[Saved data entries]
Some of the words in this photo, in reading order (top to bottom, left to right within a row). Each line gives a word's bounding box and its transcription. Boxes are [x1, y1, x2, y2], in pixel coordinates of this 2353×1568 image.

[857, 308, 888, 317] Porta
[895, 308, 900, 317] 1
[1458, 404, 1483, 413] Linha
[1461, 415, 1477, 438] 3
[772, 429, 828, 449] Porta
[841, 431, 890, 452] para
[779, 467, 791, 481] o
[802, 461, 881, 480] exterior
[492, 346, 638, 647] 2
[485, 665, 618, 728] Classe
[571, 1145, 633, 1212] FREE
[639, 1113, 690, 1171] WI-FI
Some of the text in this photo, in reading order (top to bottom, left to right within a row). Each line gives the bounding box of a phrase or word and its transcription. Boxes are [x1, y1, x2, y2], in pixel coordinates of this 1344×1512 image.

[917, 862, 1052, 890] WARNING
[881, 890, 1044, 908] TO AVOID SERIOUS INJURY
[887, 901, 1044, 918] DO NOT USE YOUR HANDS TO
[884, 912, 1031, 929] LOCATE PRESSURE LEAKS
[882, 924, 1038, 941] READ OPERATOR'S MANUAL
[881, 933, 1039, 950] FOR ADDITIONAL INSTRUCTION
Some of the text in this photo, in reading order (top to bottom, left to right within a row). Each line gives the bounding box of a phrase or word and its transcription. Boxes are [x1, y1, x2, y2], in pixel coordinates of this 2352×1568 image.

● Your instructions
Only the final stretch of the entries above is needed: print exactly the lines from the line containing "this 1344×1512 image." through the last one.

● Output
Some of the text in this photo, in reading order (top to bottom, left to right within a row). Each line gives the bounding box of a phrase or word and its transcription. Boxes are [x1, y1, x2, y2], in pixel coordinates of this 1344×1512 image.

[917, 862, 1052, 890] WARNING
[881, 890, 1044, 908] TO AVOID SERIOUS INJURY
[887, 901, 1044, 918] DO NOT USE YOUR HANDS TO
[884, 912, 1031, 929] LOCATE PRESSURE LEAKS
[882, 924, 1038, 941] READ OPERATOR'S MANUAL
[881, 933, 1039, 950] FOR ADDITIONAL INSTRUCTION
Some of the text in this photo, in reading order (top to bottom, left to right within a row). Each line gives the bounding box of a phrase or word and its transcription. Boxes are [x1, y1, x2, y2], in pixel coordinates of this 2352×1568 image.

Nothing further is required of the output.